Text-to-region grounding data

╭──

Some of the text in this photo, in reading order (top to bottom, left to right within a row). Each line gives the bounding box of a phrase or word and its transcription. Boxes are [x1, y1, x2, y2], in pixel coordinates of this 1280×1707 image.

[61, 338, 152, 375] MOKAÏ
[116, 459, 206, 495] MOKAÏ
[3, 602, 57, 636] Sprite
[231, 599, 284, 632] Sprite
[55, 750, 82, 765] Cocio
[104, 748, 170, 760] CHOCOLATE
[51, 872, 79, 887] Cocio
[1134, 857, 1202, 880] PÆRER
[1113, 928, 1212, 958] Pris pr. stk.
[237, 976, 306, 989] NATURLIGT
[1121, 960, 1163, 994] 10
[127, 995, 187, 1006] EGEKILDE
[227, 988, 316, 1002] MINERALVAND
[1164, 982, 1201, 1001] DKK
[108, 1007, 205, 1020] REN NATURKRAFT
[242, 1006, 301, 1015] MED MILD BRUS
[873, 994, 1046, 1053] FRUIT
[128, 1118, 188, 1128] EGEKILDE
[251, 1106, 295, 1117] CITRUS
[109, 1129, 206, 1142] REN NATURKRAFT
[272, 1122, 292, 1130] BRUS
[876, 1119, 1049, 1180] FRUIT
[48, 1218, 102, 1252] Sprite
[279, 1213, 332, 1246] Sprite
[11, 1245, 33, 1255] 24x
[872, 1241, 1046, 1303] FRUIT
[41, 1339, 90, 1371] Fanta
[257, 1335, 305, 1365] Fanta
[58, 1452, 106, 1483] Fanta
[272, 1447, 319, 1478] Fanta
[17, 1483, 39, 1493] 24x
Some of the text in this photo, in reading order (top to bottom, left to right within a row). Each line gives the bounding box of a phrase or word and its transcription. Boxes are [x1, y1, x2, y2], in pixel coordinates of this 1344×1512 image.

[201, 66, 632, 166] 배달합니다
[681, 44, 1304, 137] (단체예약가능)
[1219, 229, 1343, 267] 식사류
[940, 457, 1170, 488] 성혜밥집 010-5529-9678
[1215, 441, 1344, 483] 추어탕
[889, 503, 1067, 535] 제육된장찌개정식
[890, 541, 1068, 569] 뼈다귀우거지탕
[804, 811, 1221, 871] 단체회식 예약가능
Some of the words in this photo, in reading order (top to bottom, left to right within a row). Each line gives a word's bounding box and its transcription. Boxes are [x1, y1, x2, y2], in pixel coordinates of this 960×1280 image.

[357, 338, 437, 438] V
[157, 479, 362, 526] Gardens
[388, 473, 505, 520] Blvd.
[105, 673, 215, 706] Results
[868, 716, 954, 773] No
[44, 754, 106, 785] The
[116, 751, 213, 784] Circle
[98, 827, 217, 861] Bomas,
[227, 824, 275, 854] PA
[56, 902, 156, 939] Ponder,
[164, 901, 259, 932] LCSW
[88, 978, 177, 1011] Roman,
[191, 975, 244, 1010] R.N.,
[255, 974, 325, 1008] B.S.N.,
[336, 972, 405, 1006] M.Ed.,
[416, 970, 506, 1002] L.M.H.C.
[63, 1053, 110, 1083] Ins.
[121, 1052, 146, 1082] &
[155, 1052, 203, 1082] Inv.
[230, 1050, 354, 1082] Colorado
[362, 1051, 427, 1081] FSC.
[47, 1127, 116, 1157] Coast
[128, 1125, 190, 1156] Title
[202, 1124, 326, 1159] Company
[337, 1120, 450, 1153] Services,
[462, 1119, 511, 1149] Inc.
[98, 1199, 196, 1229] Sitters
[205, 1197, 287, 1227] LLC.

╰──

EXERCISE REQUIREMENTS:
Repeat all of the entries exactly.

RESPONSE:
Some of the text in this photo, in reading order (top to bottom, left to right within a row). Each line gives the bounding box of a phrase or word and its transcription. Boxes are [x1, y1, x2, y2], in pixel coordinates of this 1280×1707 image.

[61, 338, 152, 375] MOKAÏ
[116, 459, 206, 495] MOKAÏ
[3, 602, 57, 636] Sprite
[231, 599, 284, 632] Sprite
[55, 750, 82, 765] Cocio
[104, 748, 170, 760] CHOCOLATE
[51, 872, 79, 887] Cocio
[1134, 857, 1202, 880] PÆRER
[1113, 928, 1212, 958] Pris pr. stk.
[237, 976, 306, 989] NATURLIGT
[1121, 960, 1163, 994] 10
[127, 995, 187, 1006] EGEKILDE
[227, 988, 316, 1002] MINERALVAND
[1164, 982, 1201, 1001] DKK
[108, 1007, 205, 1020] REN NATURKRAFT
[242, 1006, 301, 1015] MED MILD BRUS
[873, 994, 1046, 1053] FRUIT
[128, 1118, 188, 1128] EGEKILDE
[251, 1106, 295, 1117] CITRUS
[109, 1129, 206, 1142] REN NATURKRAFT
[272, 1122, 292, 1130] BRUS
[876, 1119, 1049, 1180] FRUIT
[48, 1218, 102, 1252] Sprite
[279, 1213, 332, 1246] Sprite
[11, 1245, 33, 1255] 24x
[872, 1241, 1046, 1303] FRUIT
[41, 1339, 90, 1371] Fanta
[257, 1335, 305, 1365] Fanta
[58, 1452, 106, 1483] Fanta
[272, 1447, 319, 1478] Fanta
[17, 1483, 39, 1493] 24x
Some of the text in this photo, in reading order (top to bottom, left to right within a row). Each line gives the bounding box of a phrase or word and its transcription. Boxes are [x1, y1, x2, y2], in pixel coordinates of this 1344×1512 image.

[201, 66, 632, 166] 배달합니다
[681, 44, 1304, 137] (단체예약가능)
[1219, 229, 1343, 267] 식사류
[940, 457, 1170, 488] 성혜밥집 010-5529-9678
[1215, 441, 1344, 483] 추어탕
[889, 503, 1067, 535] 제육된장찌개정식
[890, 541, 1068, 569] 뼈다귀우거지탕
[804, 811, 1221, 871] 단체회식 예약가능
Some of the words in this photo, in reading order (top to bottom, left to right within a row). Each line gives a word's bounding box and its transcription. Boxes are [x1, y1, x2, y2], in pixel coordinates of this 960×1280 image.

[357, 338, 437, 438] V
[157, 479, 362, 526] Gardens
[388, 473, 505, 520] Blvd.
[105, 673, 215, 706] Results
[868, 716, 954, 773] No
[44, 754, 106, 785] The
[116, 751, 213, 784] Circle
[98, 827, 217, 861] Bomas,
[227, 824, 275, 854] PA
[56, 902, 156, 939] Ponder,
[164, 901, 259, 932] LCSW
[88, 978, 177, 1011] Roman,
[191, 975, 244, 1010] R.N.,
[255, 974, 325, 1008] B.S.N.,
[336, 972, 405, 1006] M.Ed.,
[416, 970, 506, 1002] L.M.H.C.
[63, 1053, 110, 1083] Ins.
[121, 1052, 146, 1082] &
[155, 1052, 203, 1082] Inv.
[230, 1050, 354, 1082] Colorado
[362, 1051, 427, 1081] FSC.
[47, 1127, 116, 1157] Coast
[128, 1125, 190, 1156] Title
[202, 1124, 326, 1159] Company
[337, 1120, 450, 1153] Services,
[462, 1119, 511, 1149] Inc.
[98, 1199, 196, 1229] Sitters
[205, 1197, 287, 1227] LLC.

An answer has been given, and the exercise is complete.